Information given Start Marker
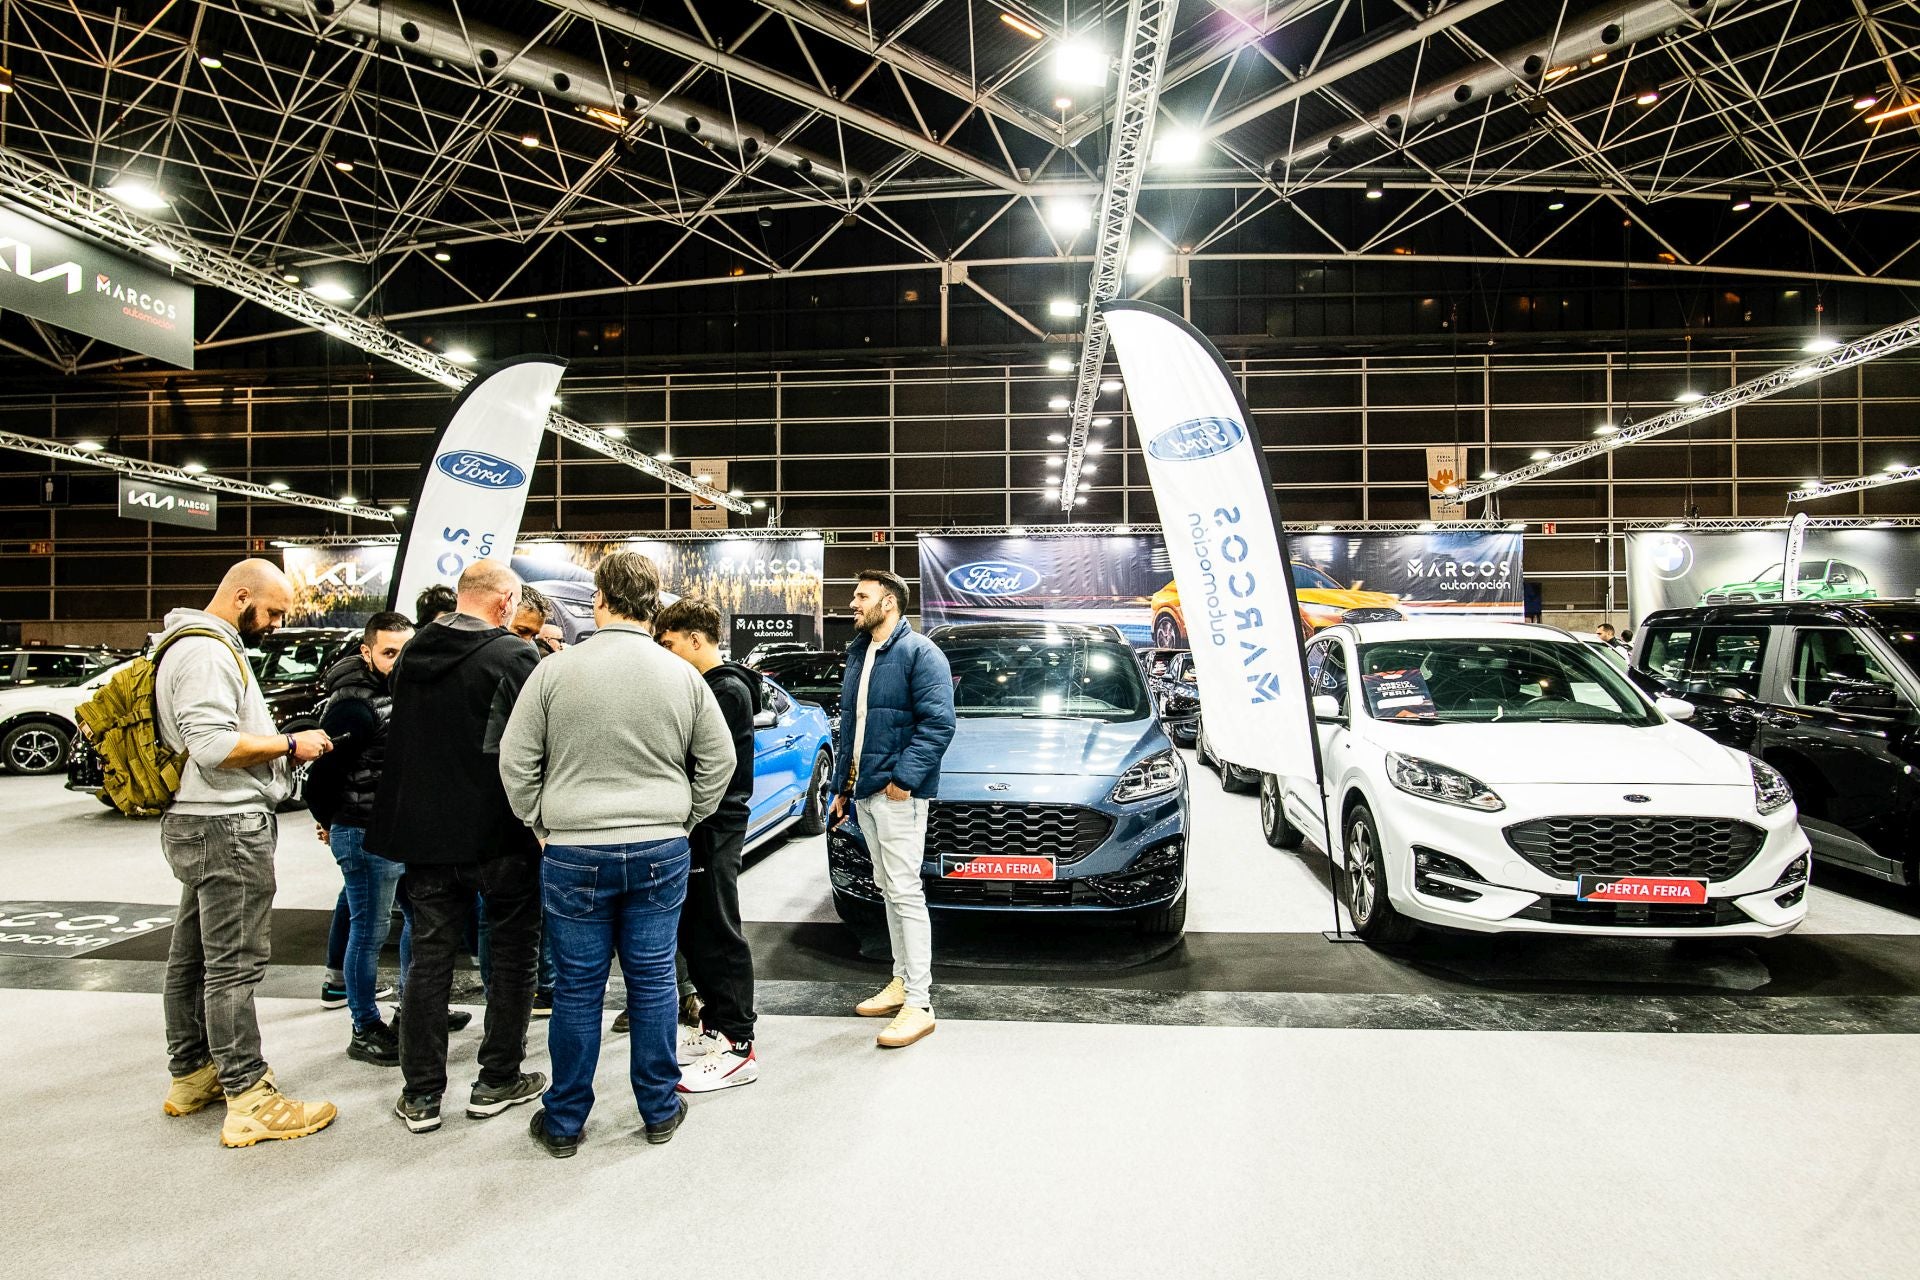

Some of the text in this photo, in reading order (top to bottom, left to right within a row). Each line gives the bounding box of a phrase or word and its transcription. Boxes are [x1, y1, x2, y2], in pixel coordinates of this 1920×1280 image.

[0, 236, 82, 295] IA
[96, 273, 176, 320] MARCOS
[452, 454, 511, 485] Ford
[128, 489, 175, 511] KIA
[177, 497, 210, 512] MARCOS
[719, 556, 815, 576] MARCOS
[1407, 559, 1511, 578] MARCOS
[963, 565, 1023, 591] Ford
[1439, 580, 1511, 590] automoción
[735, 618, 794, 631] MARCOS
[753, 629, 794, 637] automoción
[953, 862, 1042, 875] OFERTA FERIA
[1595, 882, 1692, 897] OFERTA FERIA
[0, 912, 172, 933] COS
Information given End Marker
Try it:
Each line above gets copied exactly; leave the pictures out.

Response for this exercise:
Some of the text in this photo, in reading order (top to bottom, left to right within a row). Each line gives the bounding box of a phrase or word and its transcription. Boxes are [x1, y1, x2, y2], in pixel coordinates of this 1920×1280 image.

[0, 236, 82, 295] IA
[96, 273, 176, 320] MARCOS
[452, 454, 511, 485] Ford
[128, 489, 175, 511] KIA
[177, 497, 210, 512] MARCOS
[719, 556, 815, 576] MARCOS
[1407, 559, 1511, 578] MARCOS
[963, 565, 1023, 591] Ford
[1439, 580, 1511, 590] automoción
[735, 618, 794, 631] MARCOS
[753, 629, 794, 637] automoción
[953, 862, 1042, 875] OFERTA FERIA
[1595, 882, 1692, 897] OFERTA FERIA
[0, 912, 172, 933] COS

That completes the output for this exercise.